## Task requirements
The entries below need to be transcribed exactly, without their images.
──────── Provided material ────────
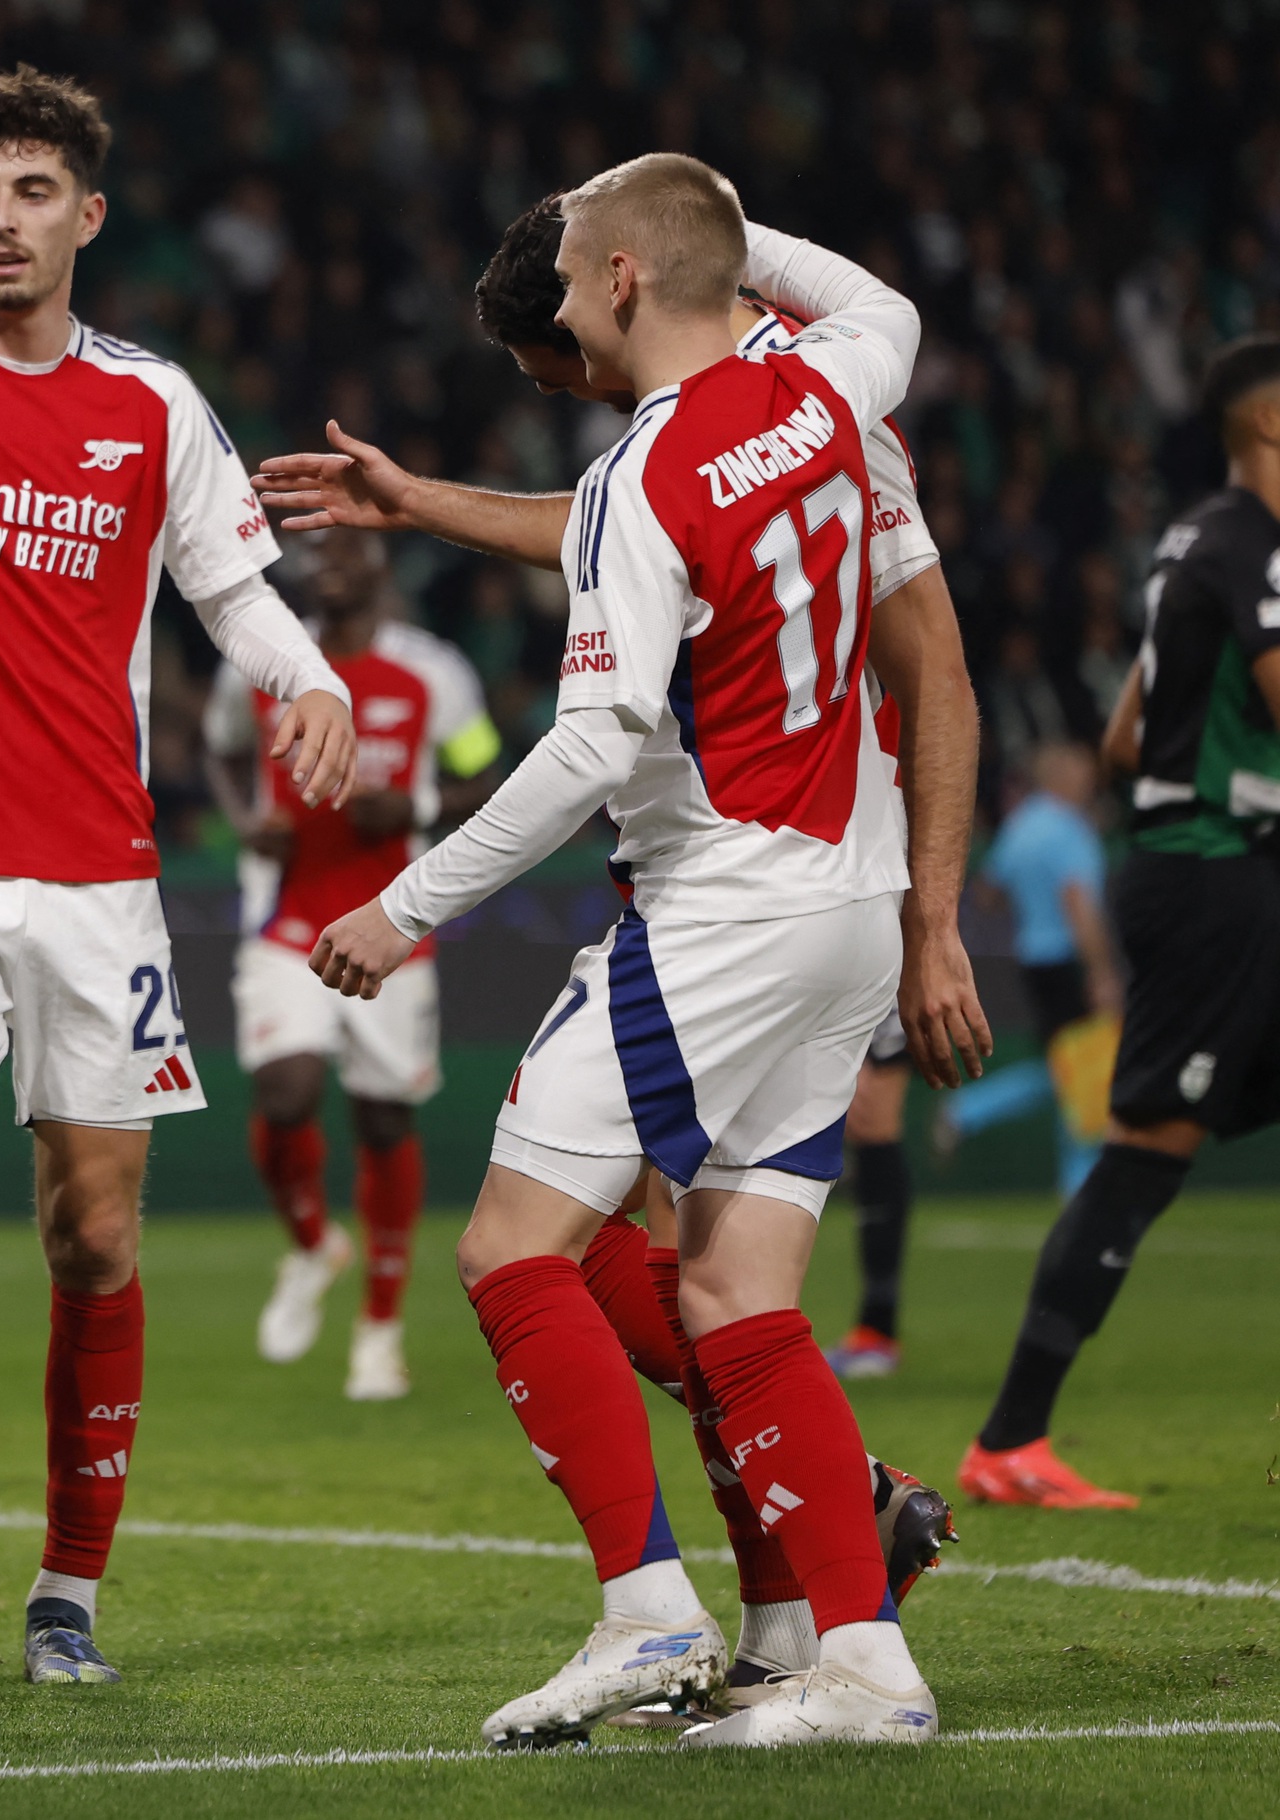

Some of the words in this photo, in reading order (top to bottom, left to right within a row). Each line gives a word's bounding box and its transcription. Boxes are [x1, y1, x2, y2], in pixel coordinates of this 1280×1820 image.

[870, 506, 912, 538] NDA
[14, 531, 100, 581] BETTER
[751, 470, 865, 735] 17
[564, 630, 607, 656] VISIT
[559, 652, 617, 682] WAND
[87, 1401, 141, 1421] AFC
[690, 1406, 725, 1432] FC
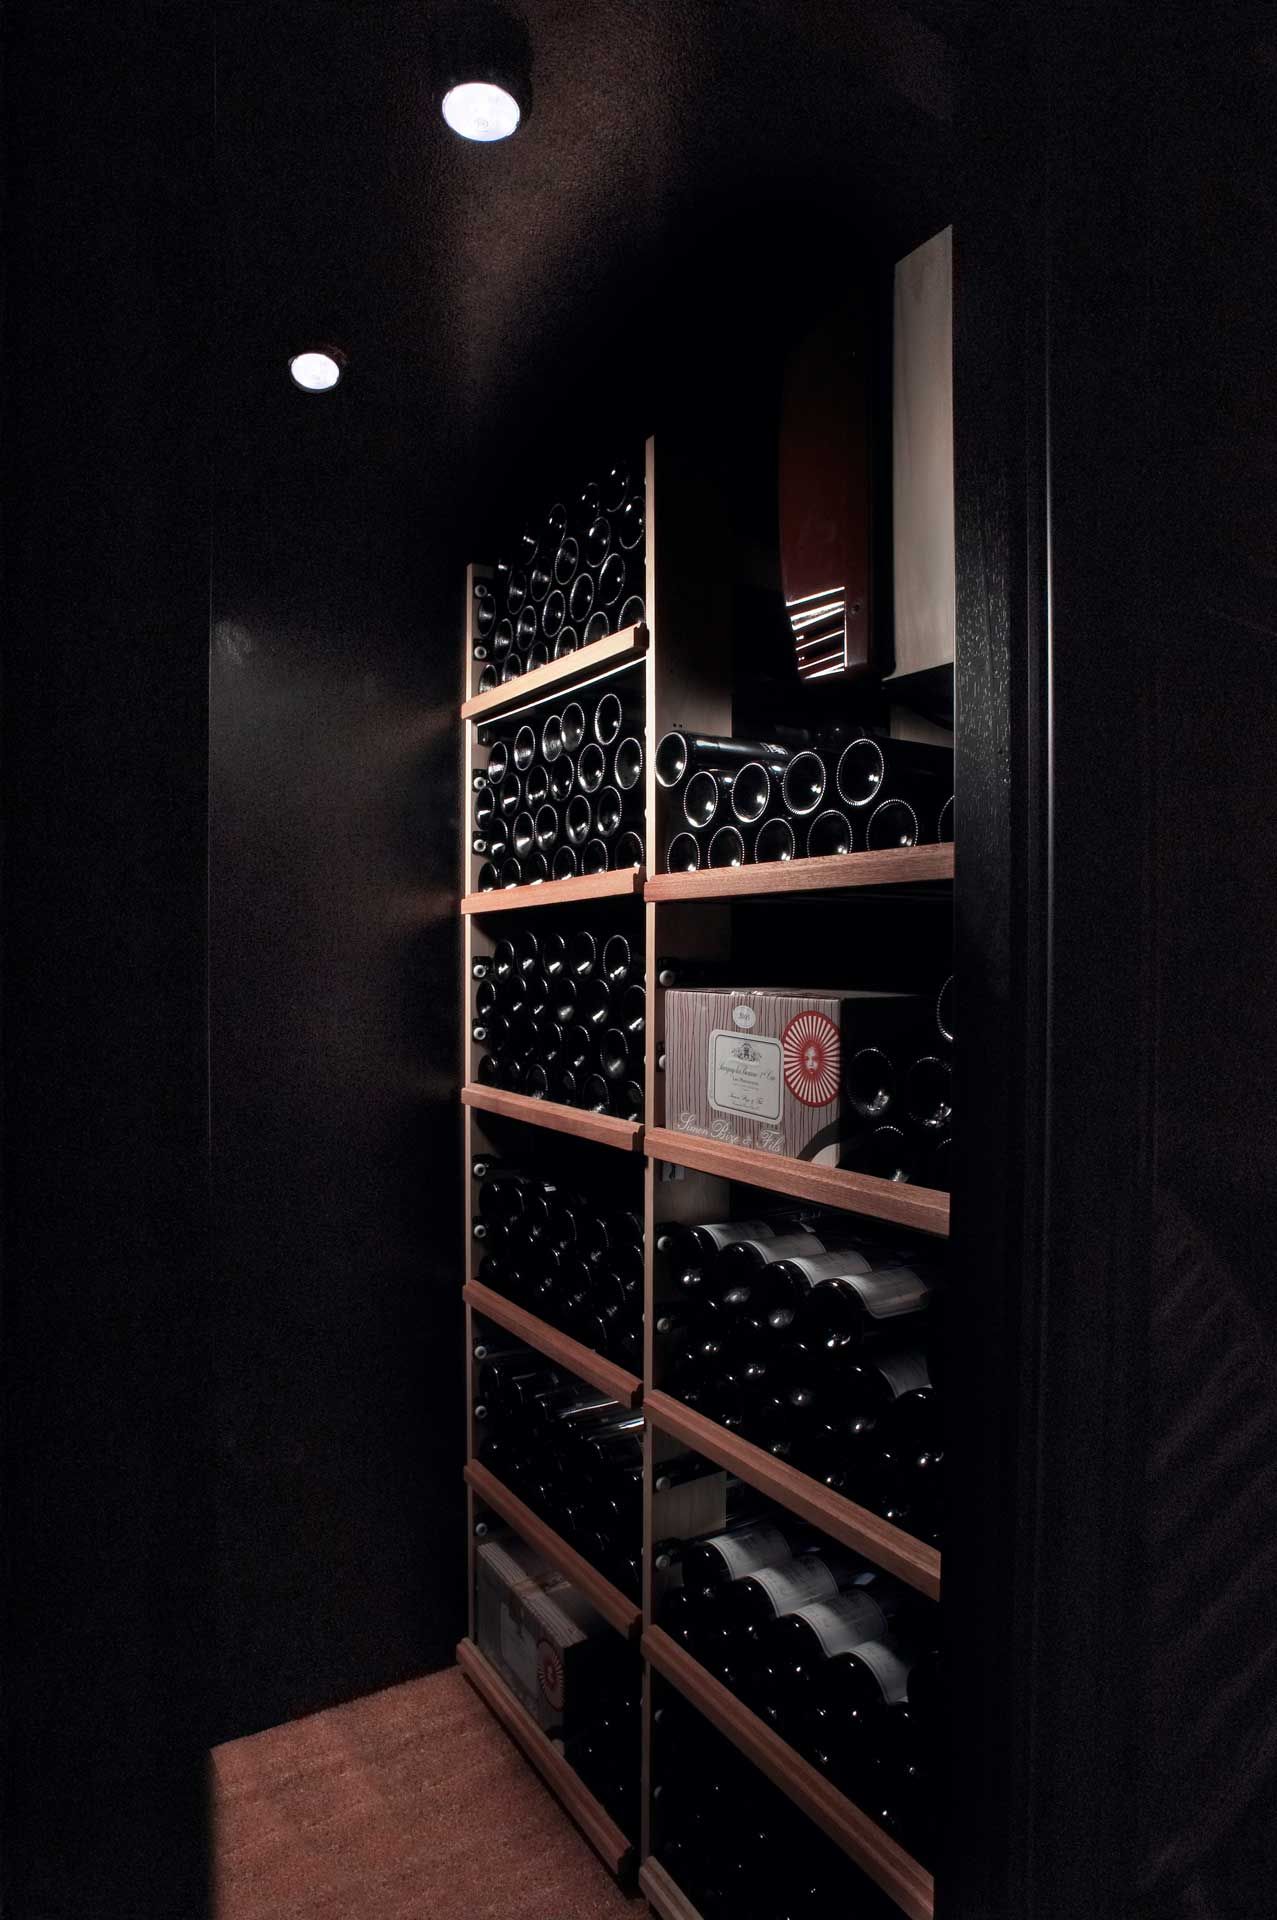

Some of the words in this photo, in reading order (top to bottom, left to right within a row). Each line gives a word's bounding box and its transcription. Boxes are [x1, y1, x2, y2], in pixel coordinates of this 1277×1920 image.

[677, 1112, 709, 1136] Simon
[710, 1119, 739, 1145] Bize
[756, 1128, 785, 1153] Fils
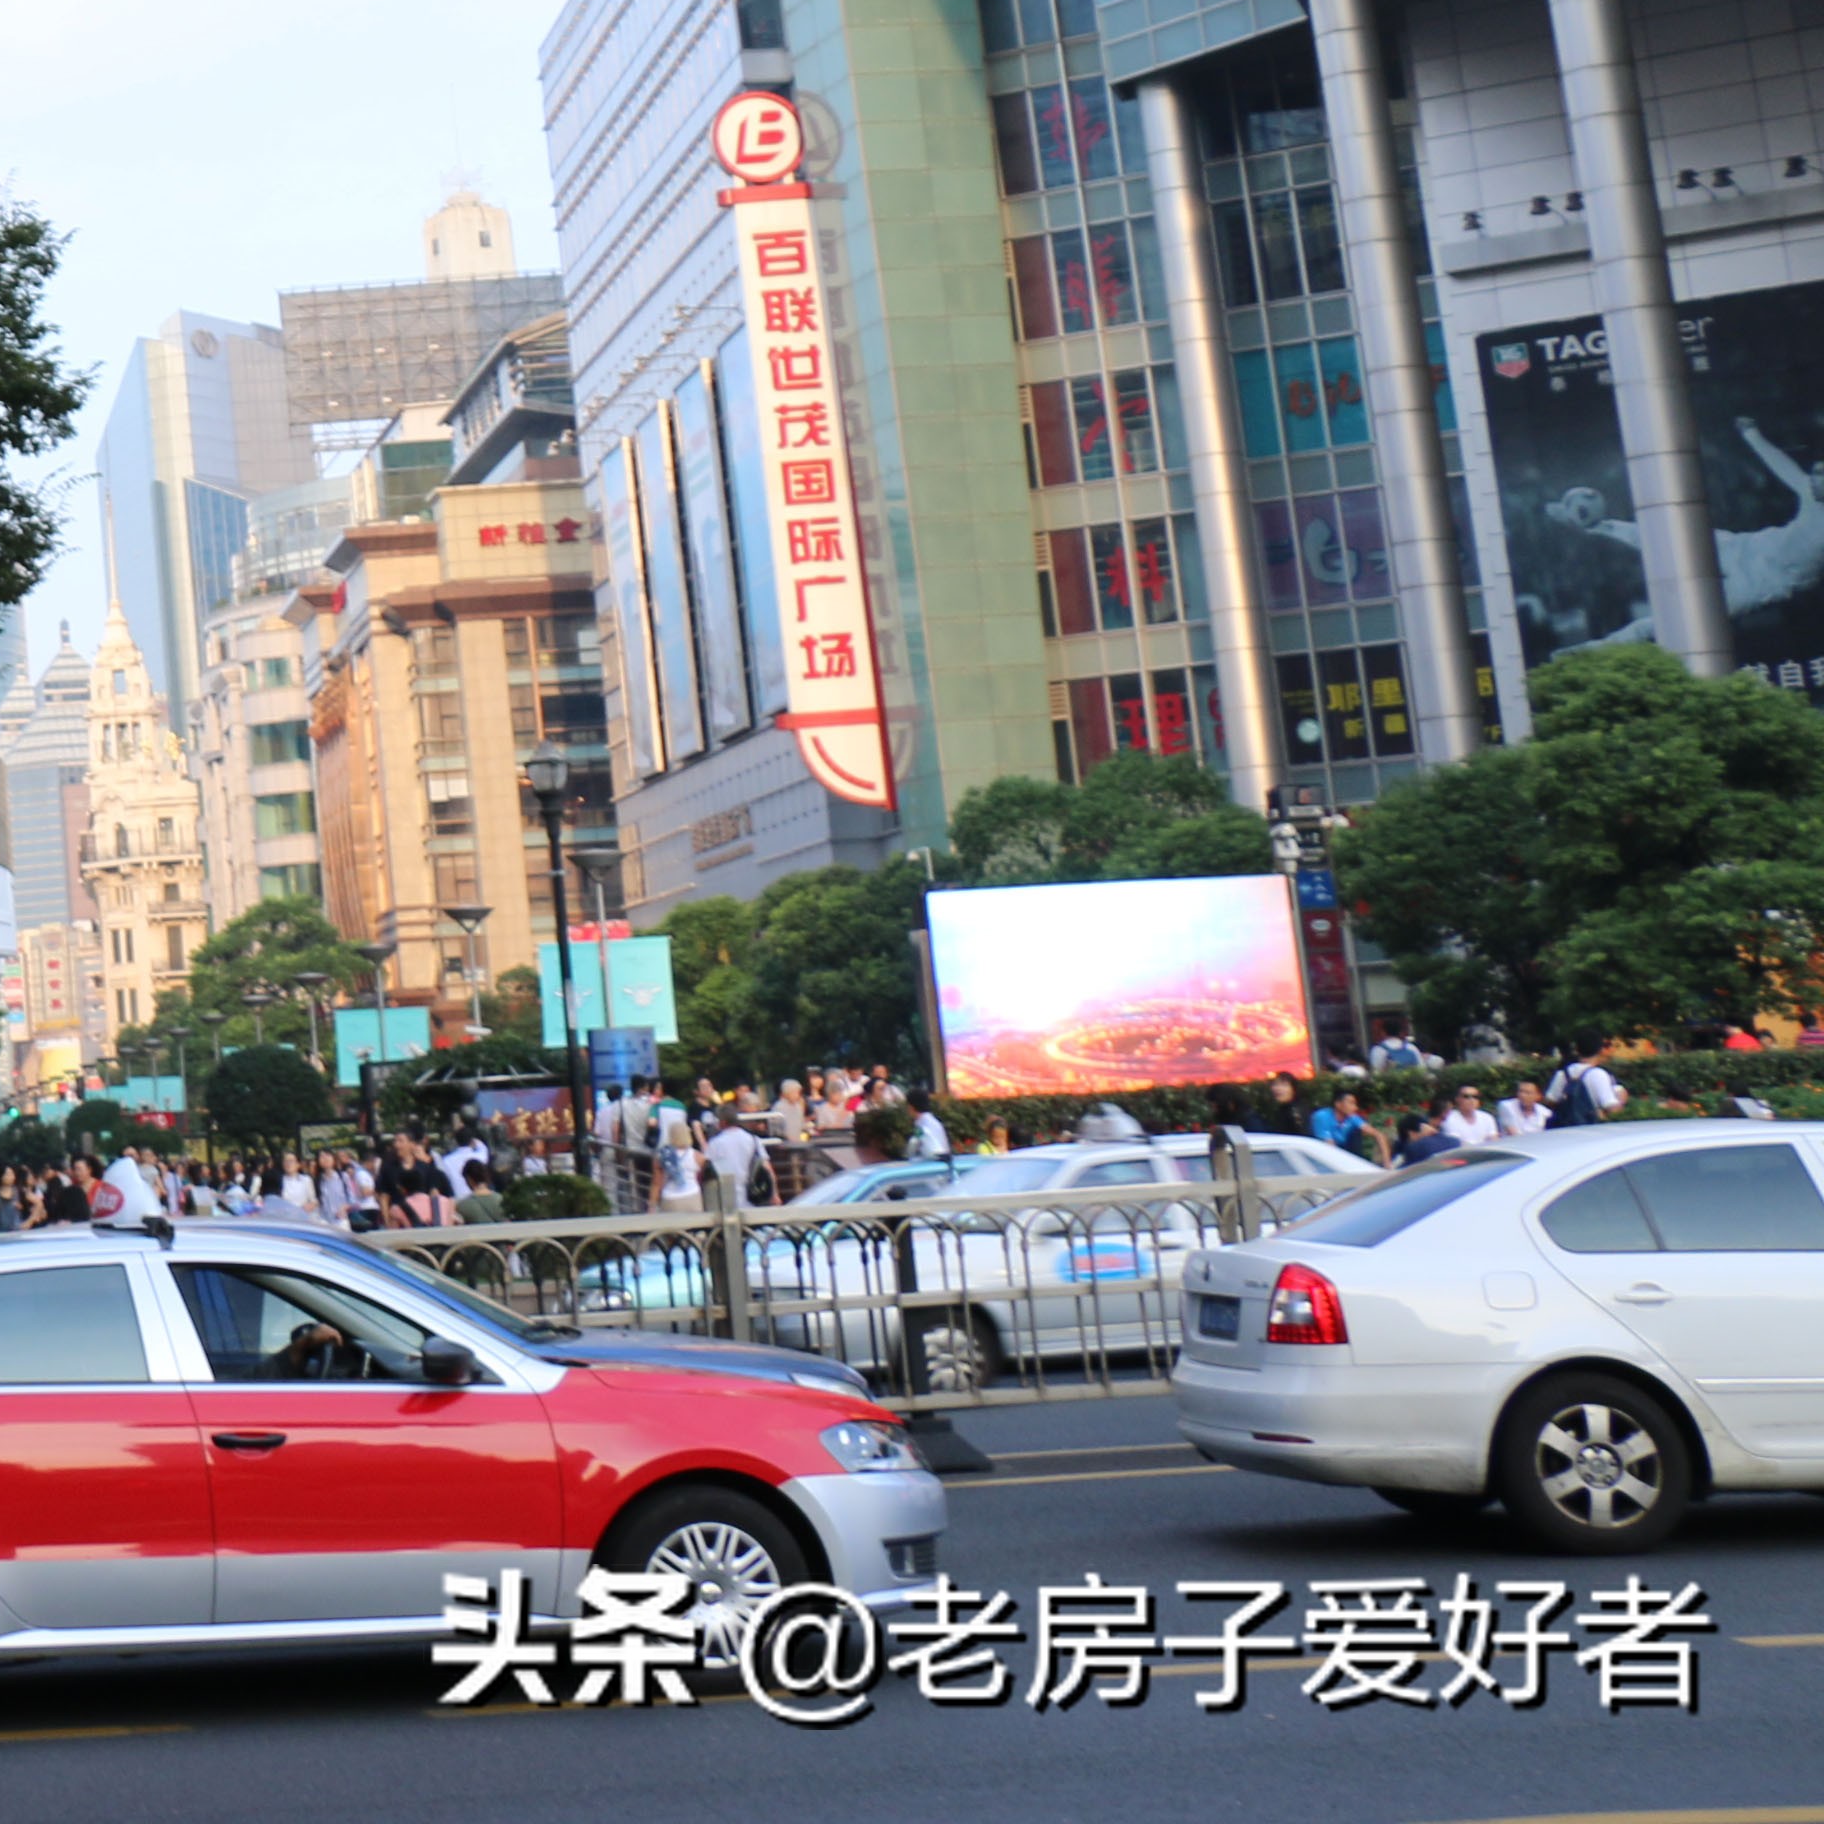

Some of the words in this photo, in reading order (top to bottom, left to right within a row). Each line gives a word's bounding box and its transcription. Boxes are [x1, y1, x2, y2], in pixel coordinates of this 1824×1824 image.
────────
## Reply to the task
Some of the words in this photo, in reading order (top to bottom, left to right within a row). Each line gives a word's bounding box and its transcription. Boxes are [x1, y1, x2, y2], in pixel coordinates of this 1280×1820 image.

[870, 506, 912, 538] NDA
[14, 531, 100, 581] BETTER
[751, 470, 865, 735] 17
[564, 630, 607, 656] VISIT
[559, 652, 617, 682] WAND
[87, 1401, 141, 1421] AFC
[690, 1406, 725, 1432] FC

Some of the words in this photo, in reading order (top to bottom, left to right within a row). Each line gives a word's bounding box and its transcription. Boxes are [x1, y1, x2, y2], in pixel coordinates of this 1277×1920 image.

[677, 1112, 709, 1136] Simon
[710, 1119, 739, 1145] Bize
[756, 1128, 785, 1153] Fils

Some of the words in this photo, in reading order (top to bottom, left to right within a row). Each line gives a word's bounding box and its transcription. Boxes are [x1, y1, x2, y2], in pixel coordinates of this 1824×1824 image.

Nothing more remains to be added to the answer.